Problem statement.
Output exactly the lines from the one holding "this 1659×2212 image." through the final line of the entries.

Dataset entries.
⟨

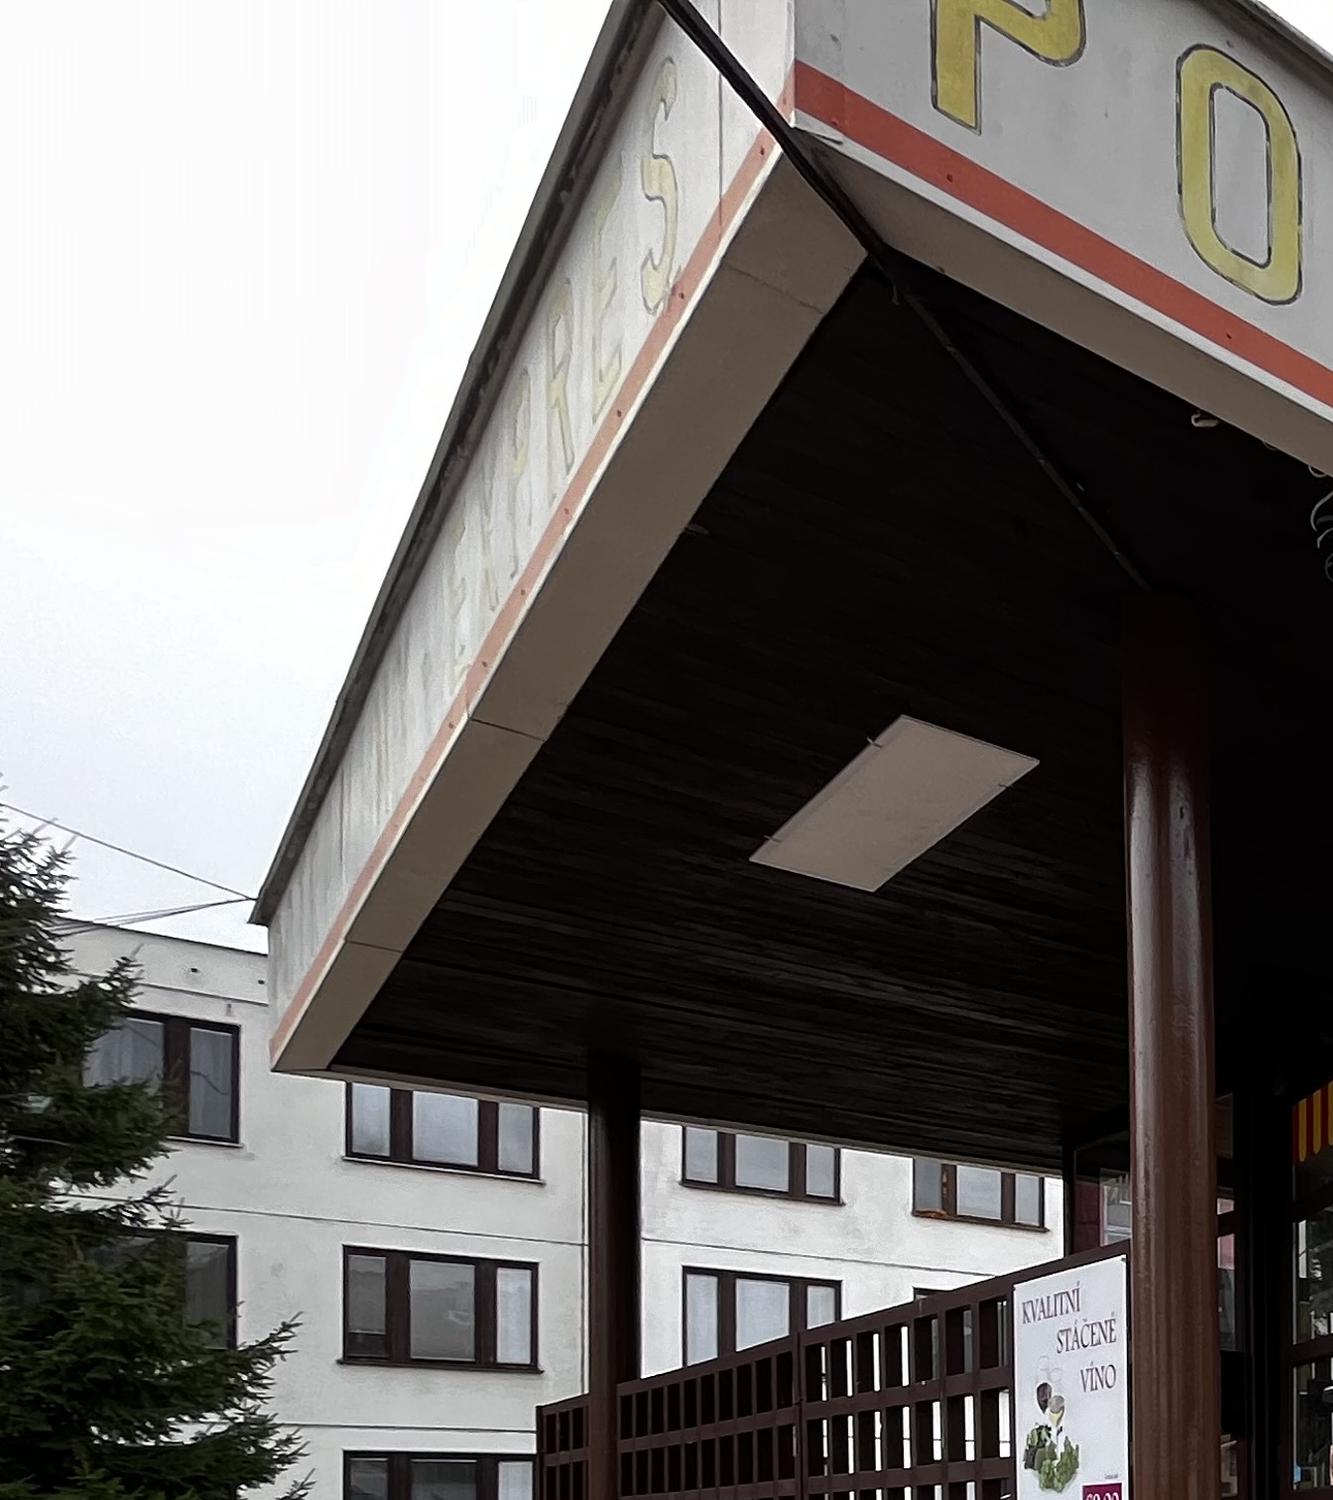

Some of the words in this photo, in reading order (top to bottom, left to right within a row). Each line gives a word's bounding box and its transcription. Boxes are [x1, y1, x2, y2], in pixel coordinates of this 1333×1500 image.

[1021, 1281, 1081, 1325] KVALITNÍ
[1056, 1311, 1117, 1354] STÁČENÉ
[1080, 1361, 1117, 1393] VÍNO
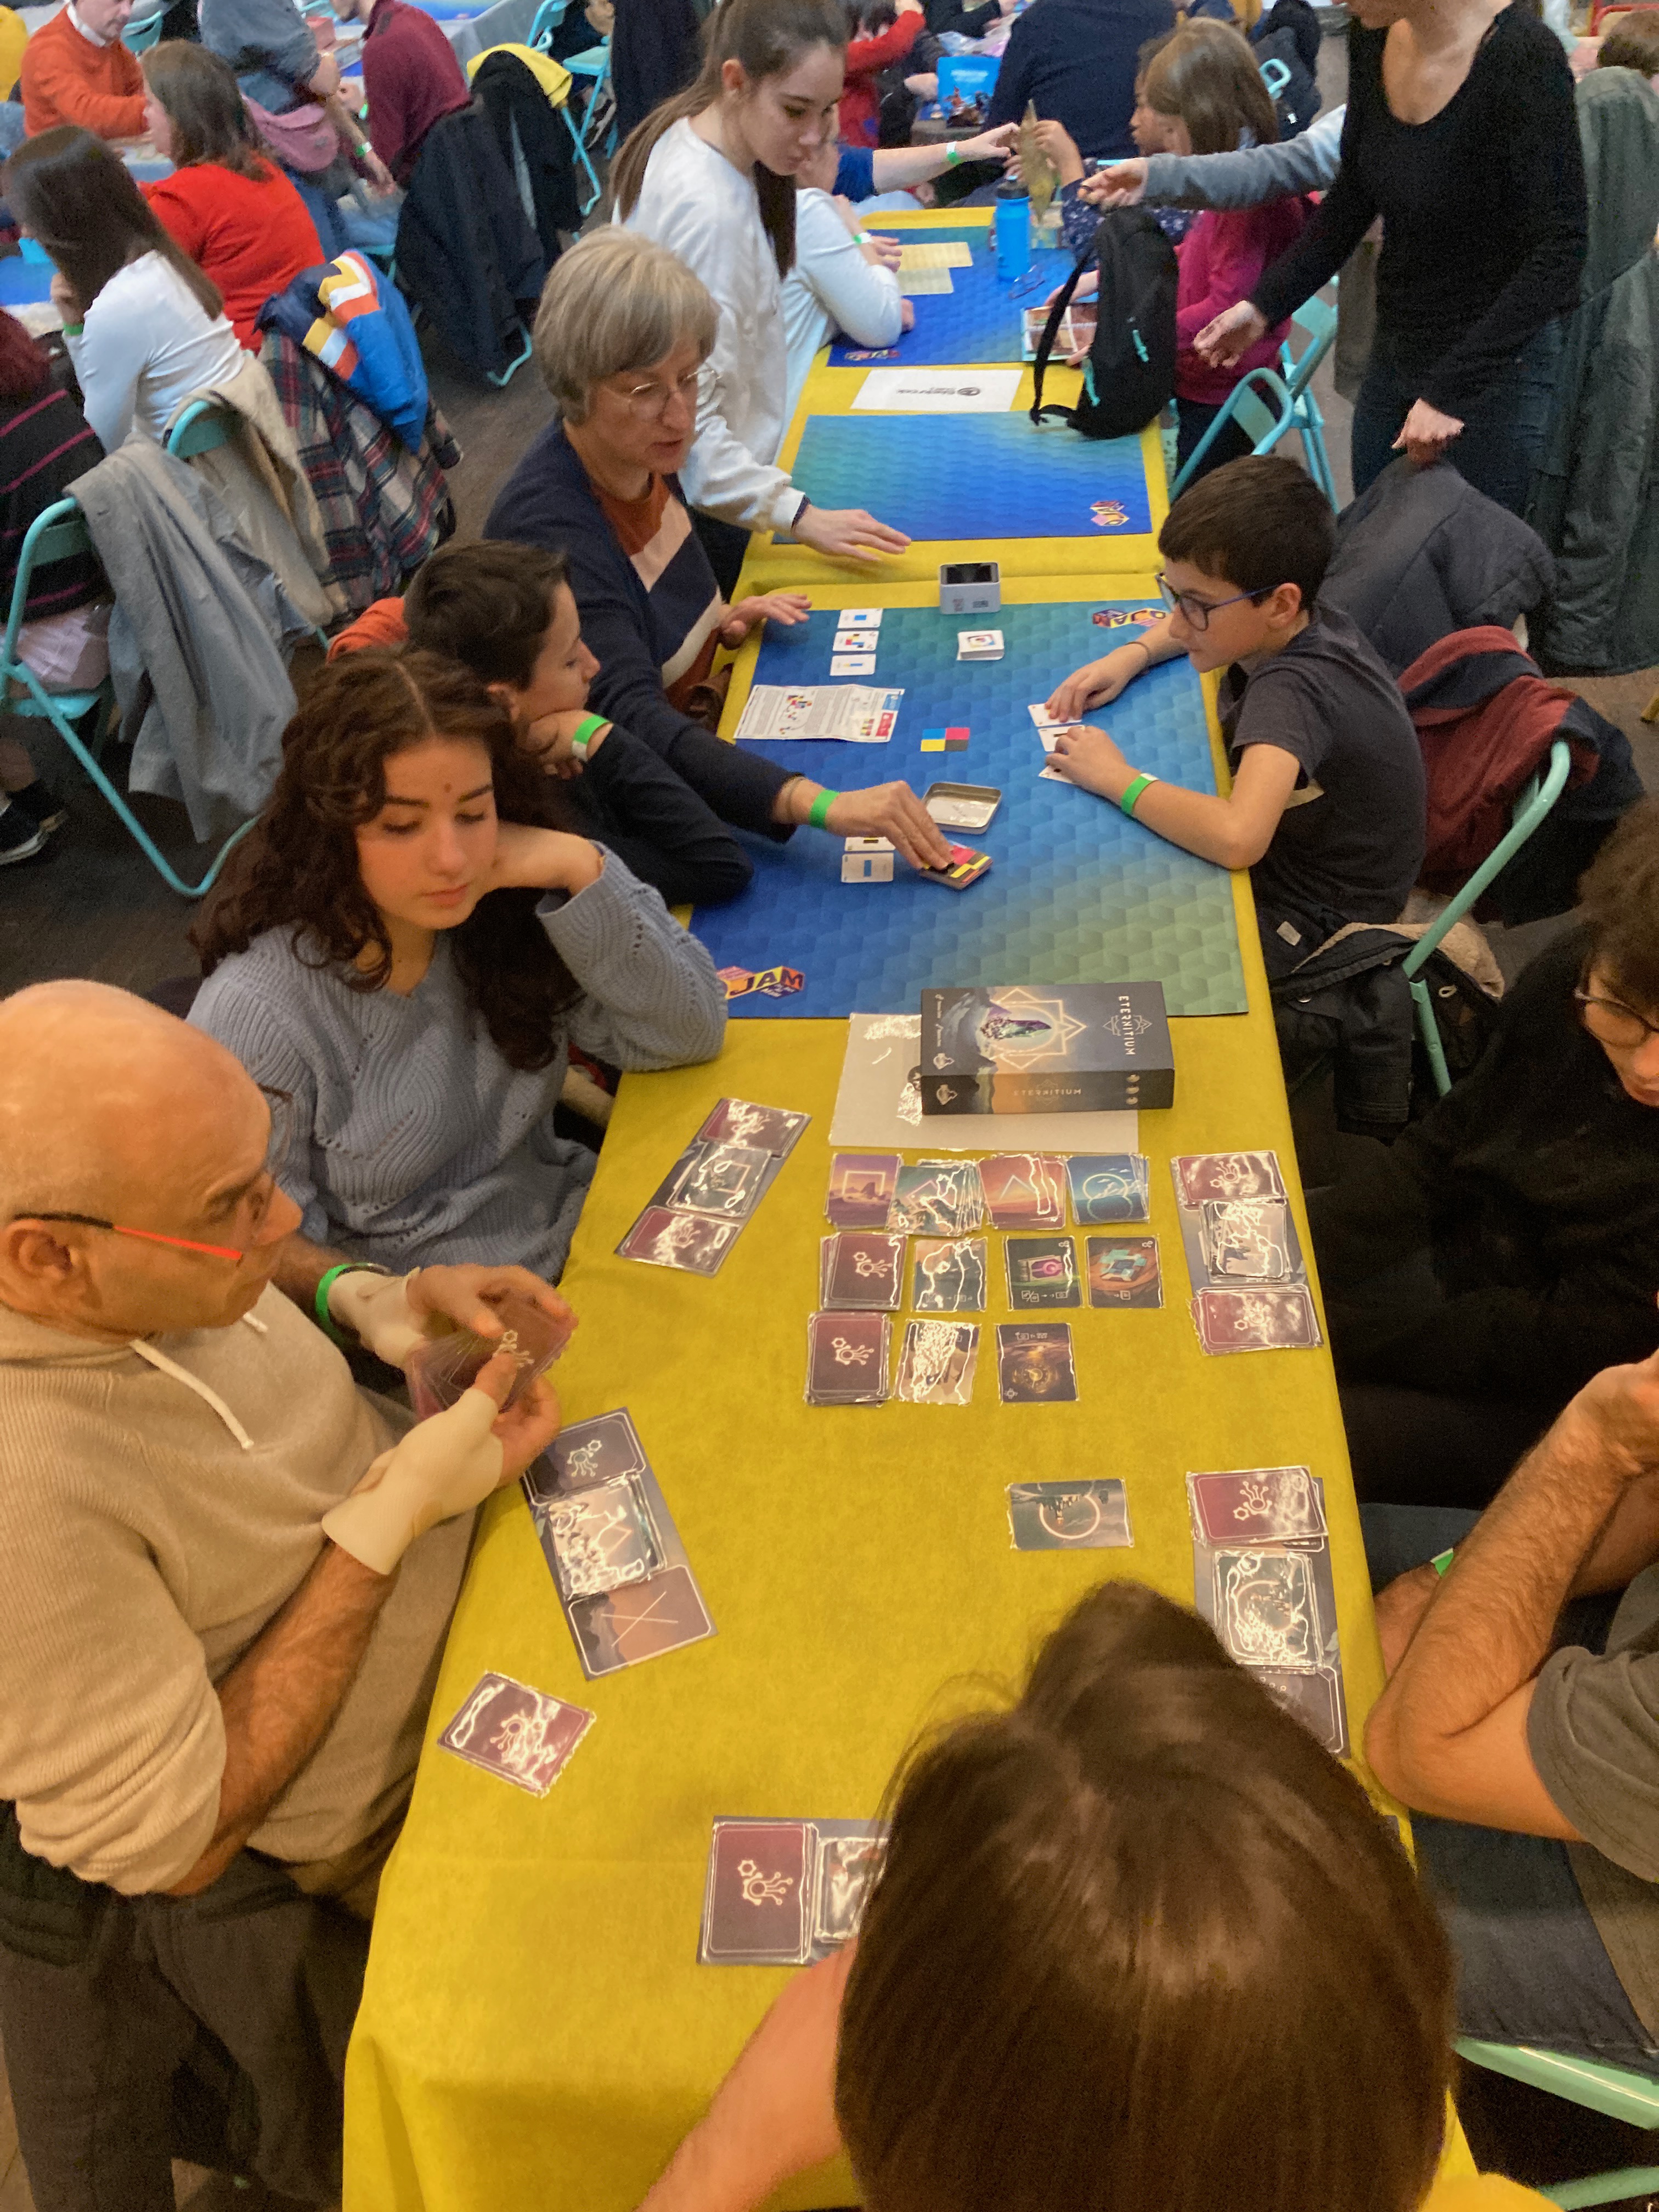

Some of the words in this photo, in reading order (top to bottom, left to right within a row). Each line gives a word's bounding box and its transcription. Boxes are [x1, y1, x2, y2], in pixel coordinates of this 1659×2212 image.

[723, 968, 804, 996] JAM
[1119, 996, 1136, 1055] ETERNITIUM
[1013, 1088, 1082, 1096] ETERNITIUM

⟩

Result.
Some of the words in this photo, in reading order (top to bottom, left to right within a row). Each line gives a word's bounding box and its transcription. Boxes are [x1, y1, x2, y2], in pixel coordinates of this 1659×2212 image.

[723, 968, 804, 996] JAM
[1119, 996, 1136, 1055] ETERNITIUM
[1013, 1088, 1082, 1096] ETERNITIUM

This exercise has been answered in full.